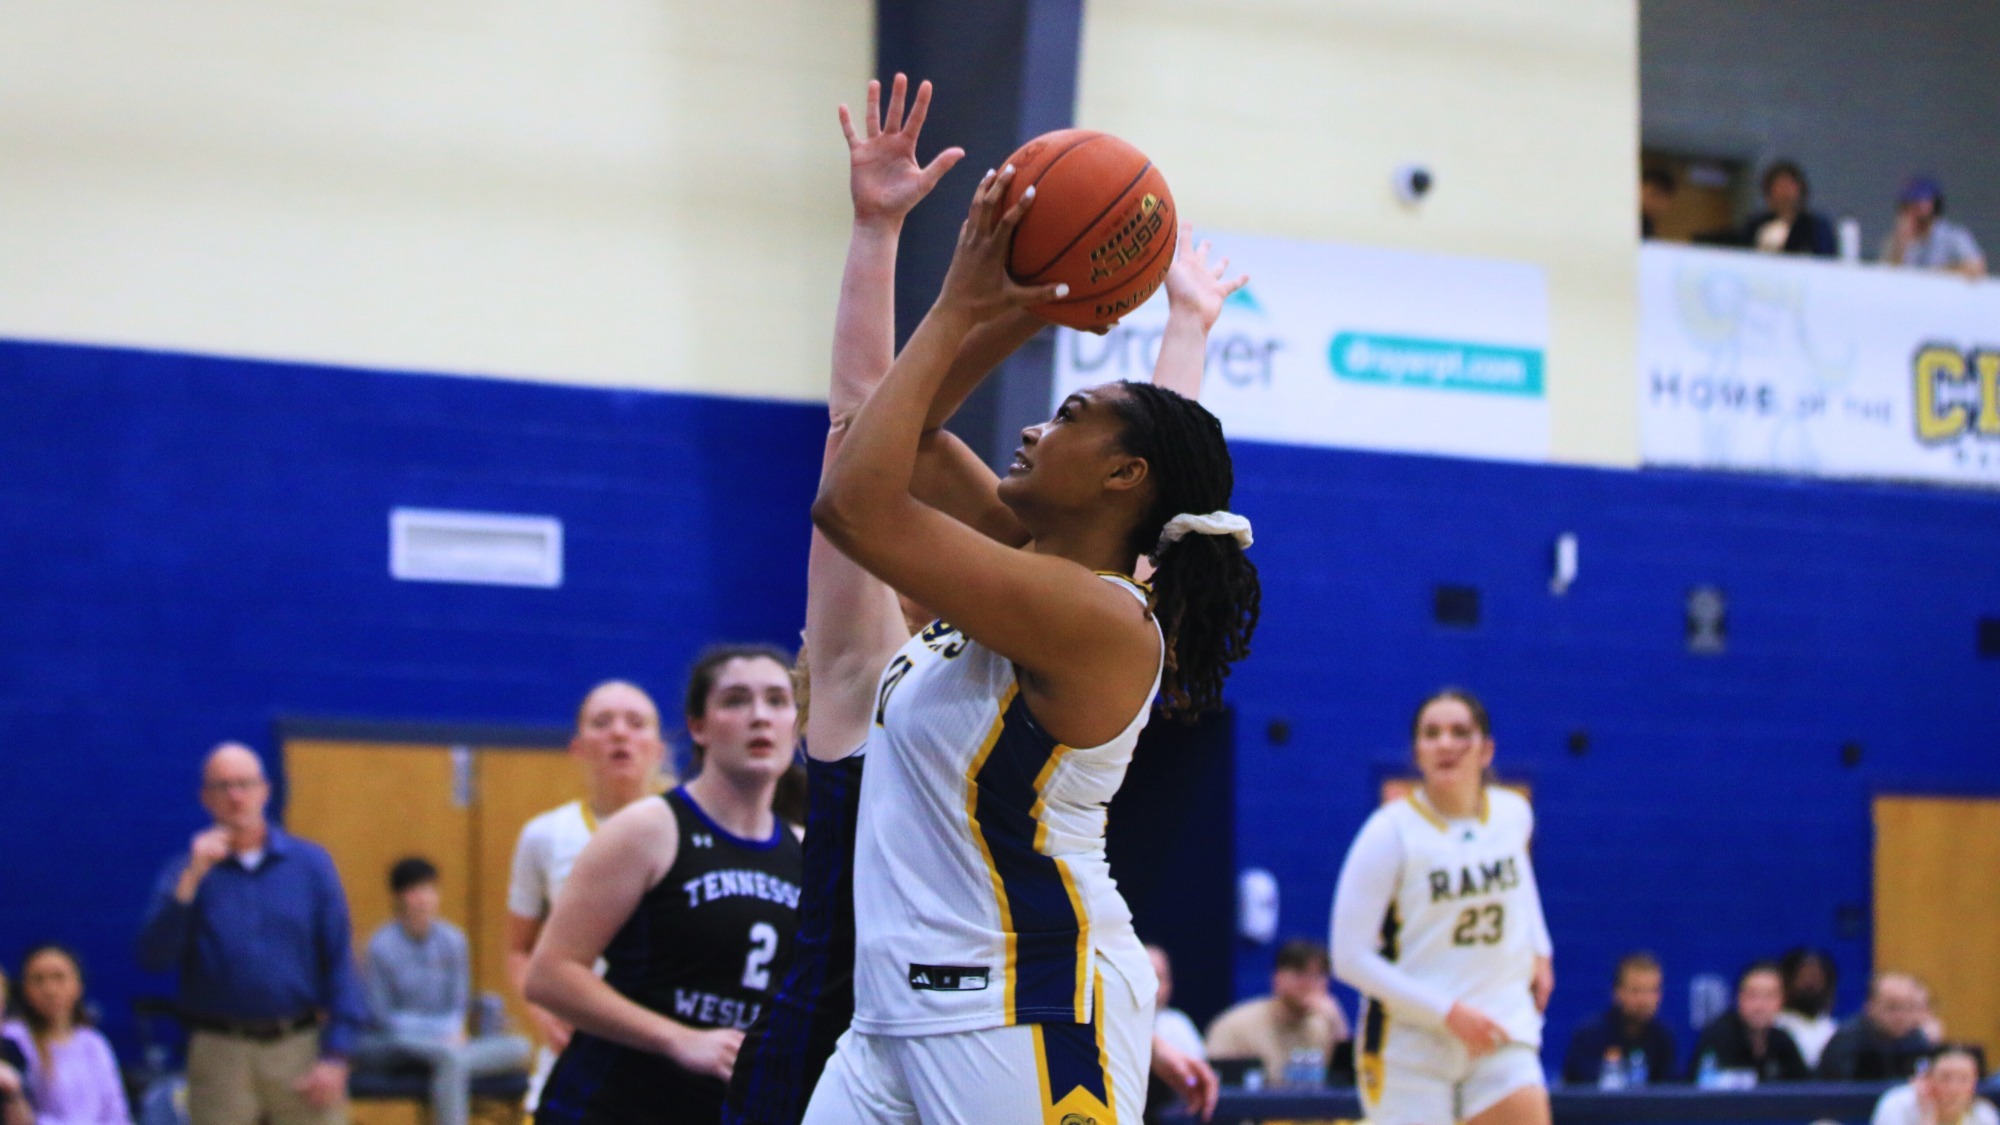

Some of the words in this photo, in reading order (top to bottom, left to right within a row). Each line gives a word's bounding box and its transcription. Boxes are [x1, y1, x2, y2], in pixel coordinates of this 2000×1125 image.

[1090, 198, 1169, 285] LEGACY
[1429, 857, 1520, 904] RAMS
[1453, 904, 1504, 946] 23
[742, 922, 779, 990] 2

::::::

** What you are asked to do **
Output the data above in full and exactly, with every image left out.

** Answer below **
Some of the words in this photo, in reading order (top to bottom, left to right within a row). Each line gives a word's bounding box and its transcription. Boxes are [x1, y1, x2, y2], in pixel coordinates of this 2000×1125 image.

[1090, 198, 1169, 285] LEGACY
[1429, 857, 1520, 904] RAMS
[1453, 904, 1504, 946] 23
[742, 922, 779, 990] 2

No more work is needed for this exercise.